:: EXERCISE BRIEF ::
Would you please give every entry again exactly, without the pictures?

:: Recorded data ::

>>>>

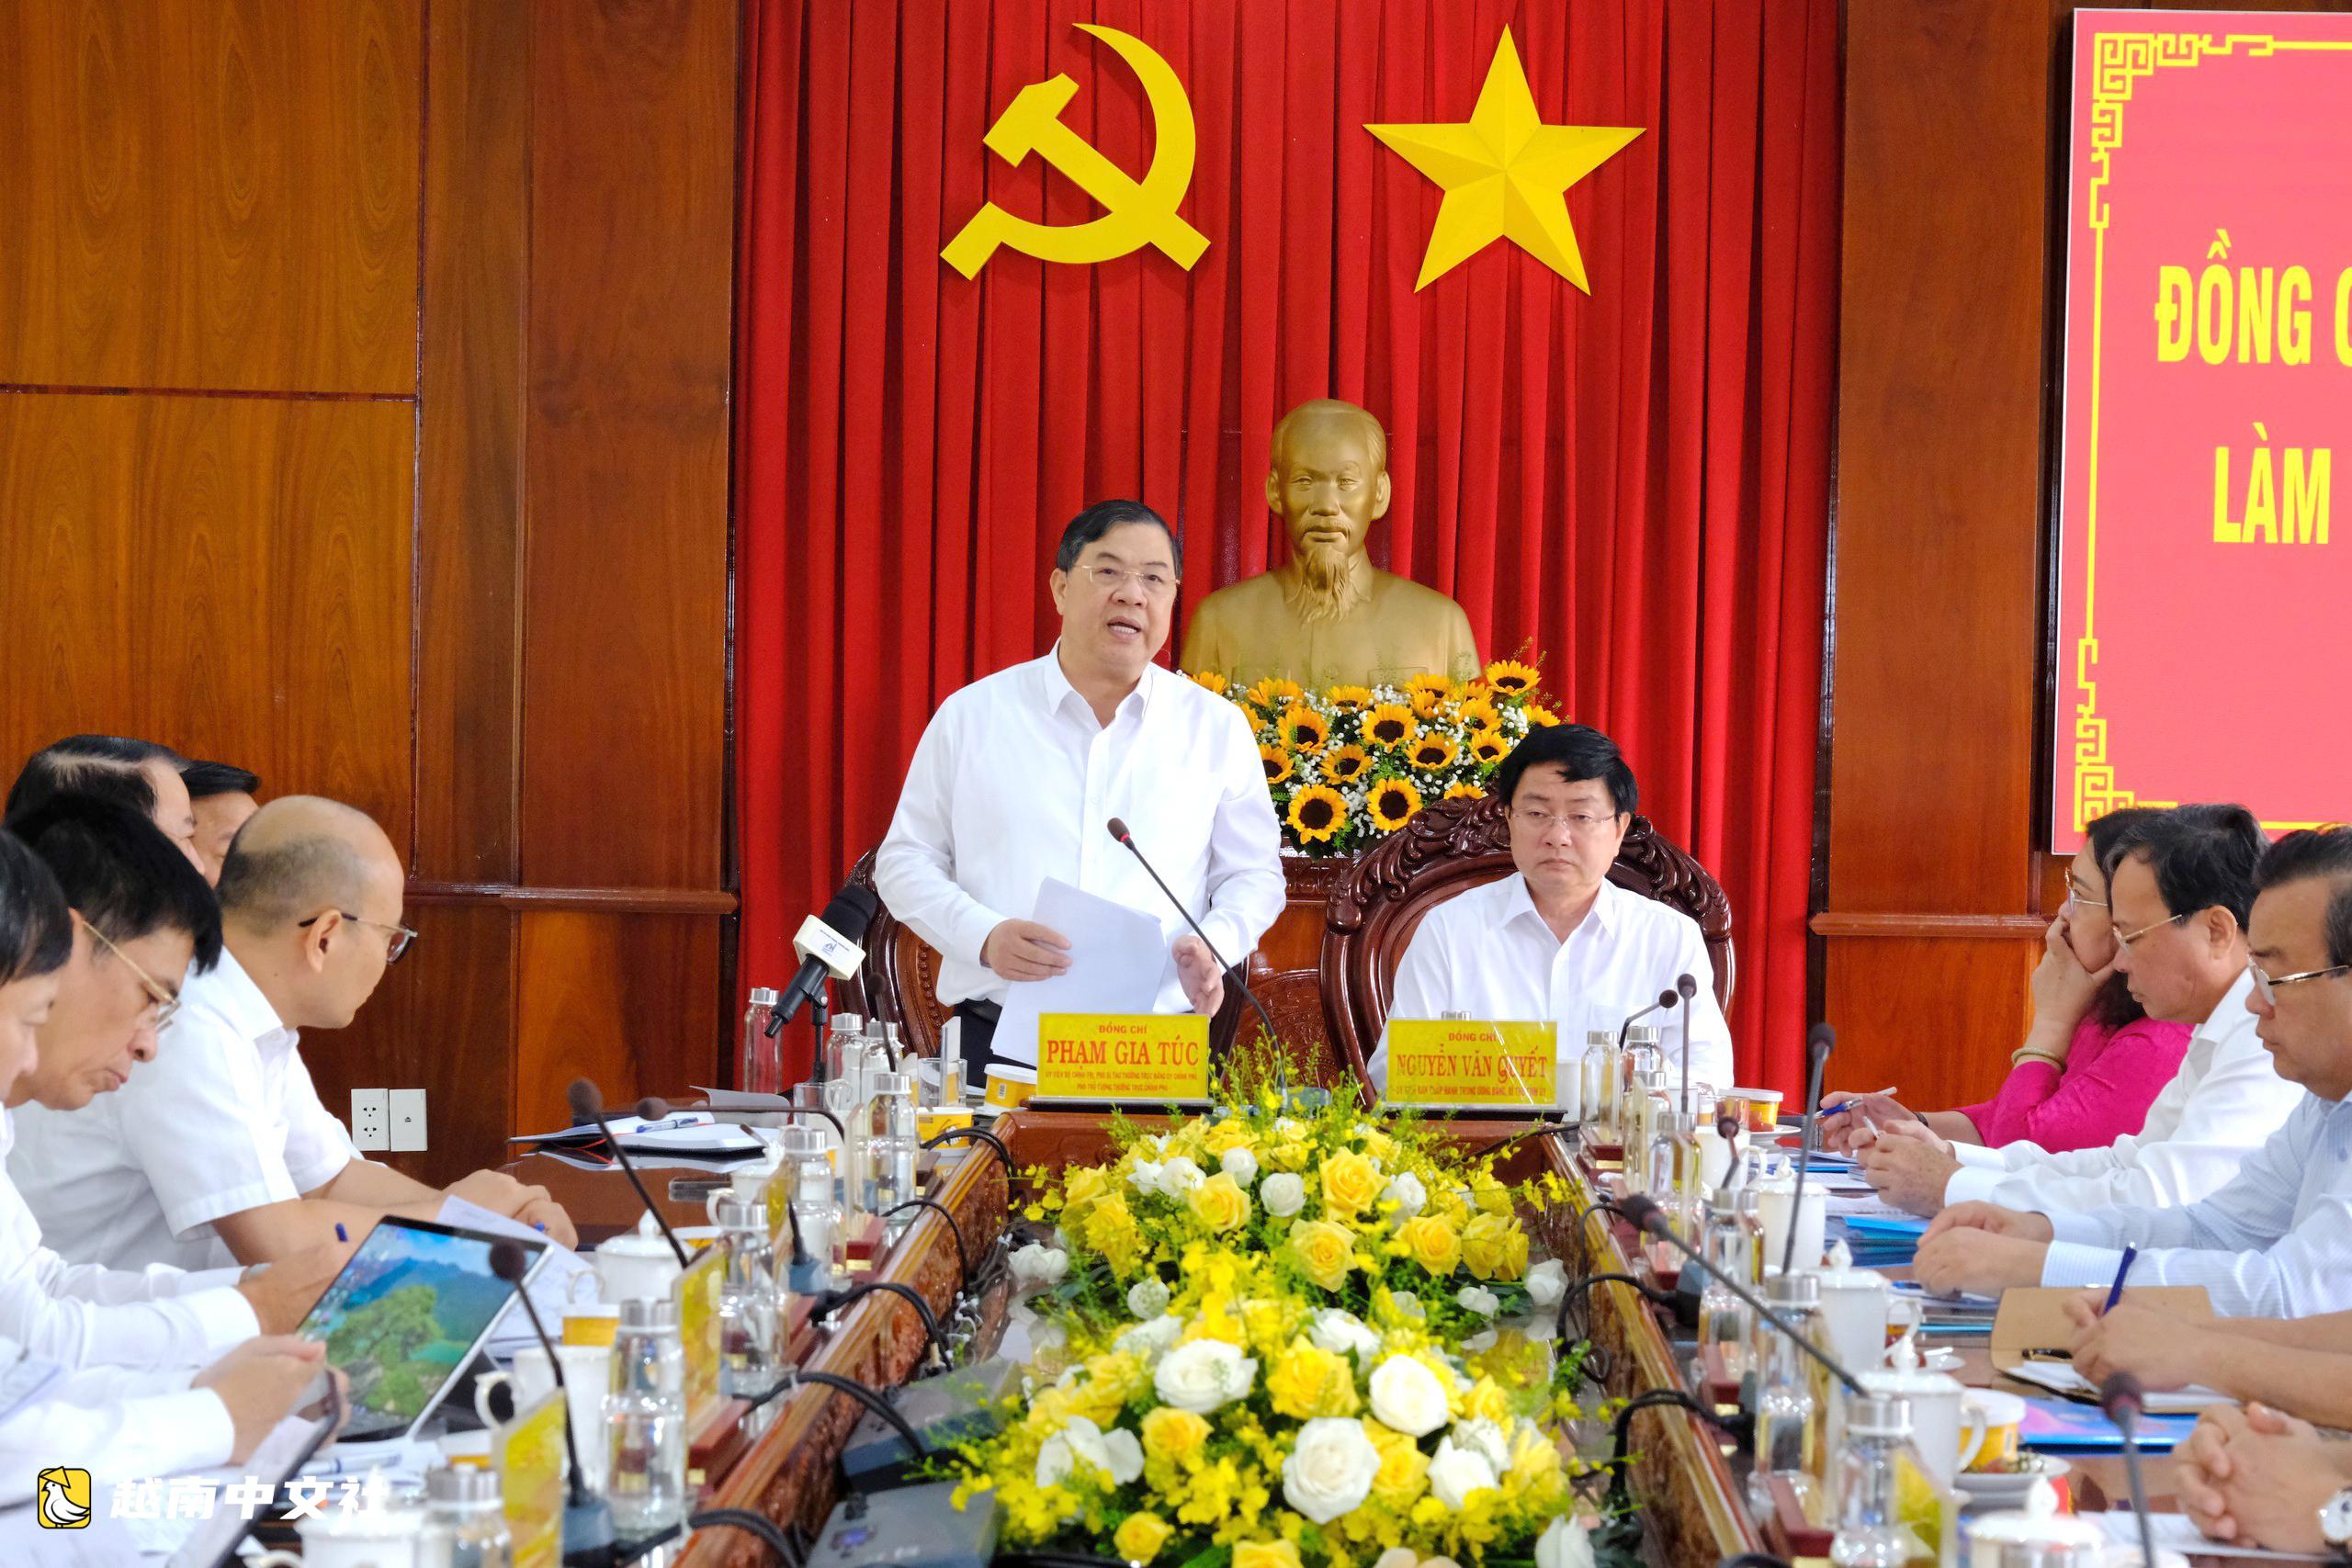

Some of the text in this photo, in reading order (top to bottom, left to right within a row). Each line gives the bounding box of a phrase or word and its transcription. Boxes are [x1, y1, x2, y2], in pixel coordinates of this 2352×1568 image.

[2154, 229, 2312, 366] ĐỒNG
[2213, 423, 2331, 544] LÀM
[1046, 1034, 1199, 1070] PHẠM GIA TÚC
[1463, 1050, 1492, 1077] VĂN
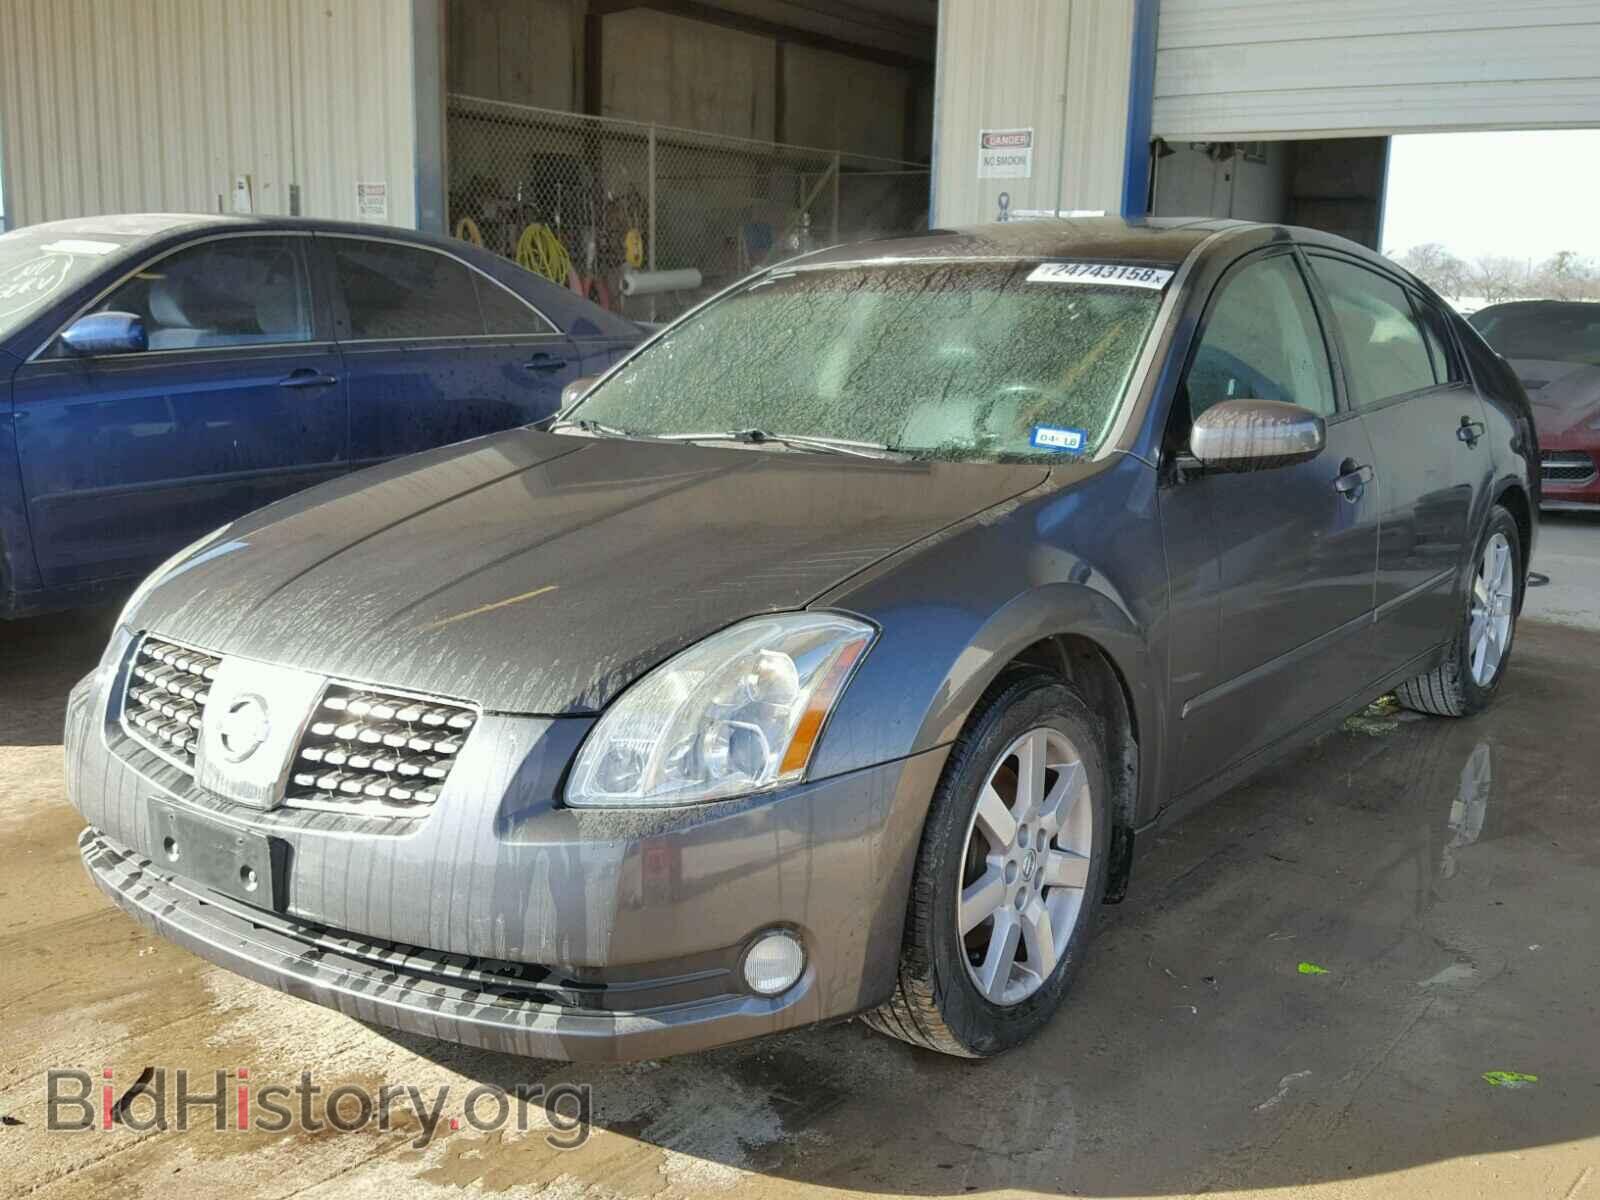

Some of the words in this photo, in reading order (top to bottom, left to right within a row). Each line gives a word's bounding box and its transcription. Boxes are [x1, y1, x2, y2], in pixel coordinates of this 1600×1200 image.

[989, 135, 1026, 146] DANGER
[984, 156, 996, 167] NO
[1051, 264, 1156, 282] 24743158

<<<<

:: EXERCISE RESPONSE ::
Some of the text in this photo, in reading order (top to bottom, left to right within a row). Each line gives the bounding box of a phrase or word and its transcription. Boxes are [x1, y1, x2, y2], in pixel coordinates of this 2352×1568 image.

[2154, 229, 2312, 366] ĐỒNG
[2213, 423, 2331, 544] LÀM
[1046, 1034, 1199, 1070] PHẠM GIA TÚC
[1463, 1050, 1492, 1077] VĂN

Some of the words in this photo, in reading order (top to bottom, left to right within a row). Each line gives a word's bounding box and its transcription. Boxes are [x1, y1, x2, y2], in pixel coordinates of this 1600×1200 image.

[989, 135, 1026, 146] DANGER
[984, 156, 996, 167] NO
[1051, 264, 1156, 282] 24743158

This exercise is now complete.